O diretor-geral da Polícia Federal, Andrei Rodrigues, declarou nesta quinta-feira (12) que apenas o Supremo Tribunal Federal deverá decidir se existe motivo para retirar o ministro Dias Toffoli da relatoria das apurações sobre o Banco Master. A manifestação foi feita em entrevista ao jornal O Globo, um dia depois de virem a público informações de que o próprio Rodrigues entregou ao presidente do STF, Edson Fachin, um dossiê de quase 200 páginas com mensagens encontradas no celular do banqueiro Daniel Vorcaro que mencionam o magistrado, incluindo conversas, referências a pagamentos e convite para festa. Toffoli negou os conteúdos e classificou-os como ilações.
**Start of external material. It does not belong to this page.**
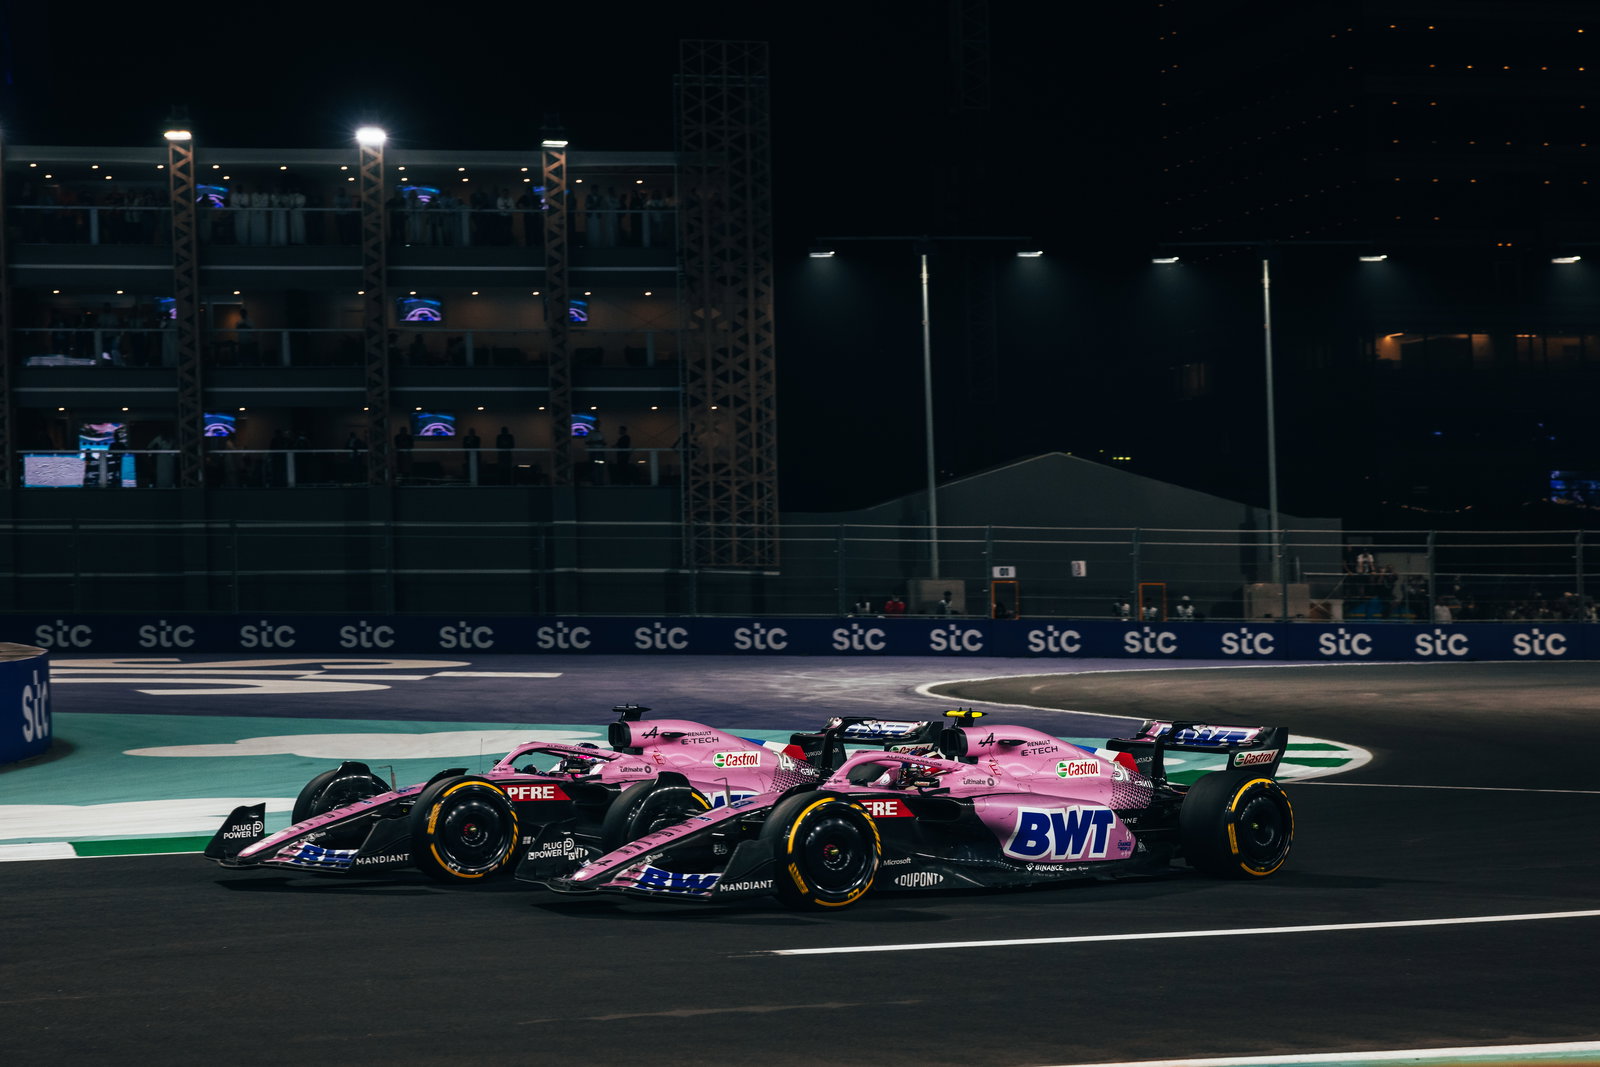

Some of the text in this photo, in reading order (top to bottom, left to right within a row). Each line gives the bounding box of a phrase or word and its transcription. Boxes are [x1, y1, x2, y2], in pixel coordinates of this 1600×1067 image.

Rodrigues afirmou que a eventual declaração de impedimento é matéria exclusiva do Judiciário e não compete à corporação. Ele também rechaçou eventual conflito institucional com o ministro, apesar de decisões tomadas por Toffoli desde que assumiu a relatoria, em novembro do ano passado, como a decretação de sigilo absoluto, pedidos de acareação e centralização de provas fora do procedimento usual da PF. Segundo o diretor, cabe à Polícia Federal cumprir as determinações ou recorrer quando considerar necessário.
O dirigente informou ainda que a investigação sobre a negociação entre o Banco Master e o Banco de Brasília (BRB) deve ser concluída em até 60 dias, dentro da hipótese criminal estabelecida na abertura do inquérito. Outros elementos descobertos poderão originar novas frentes investigativas e serão remetidos ao foro adequado.
Entre os pontos sob apuração estão transações consideradas suspeitas entre o Banco Master e fundos ligados à gestora Reag. Rodrigues avaliou que o caso é mais amplo do que parece, defendeu atuação mais firme da Comissão de Valores Mobiliários e afirmou que qualquer indício que envolva autoridades com foro privilegiado será encaminhado ao STF. Ele destacou a necessidade de diferenciar relações pessoais de possíveis ilícitos.
O diretor lembrou ainda a existência de outro inquérito em curso na Corte, de escopo mais abrangente, que investiga suspeitas de fraude no sistema financeiro e gestão fraudulenta de fundos, caracterizado por ele como a maior apuração já realizada contra o setor, com valores investigados na casa dos bilhões.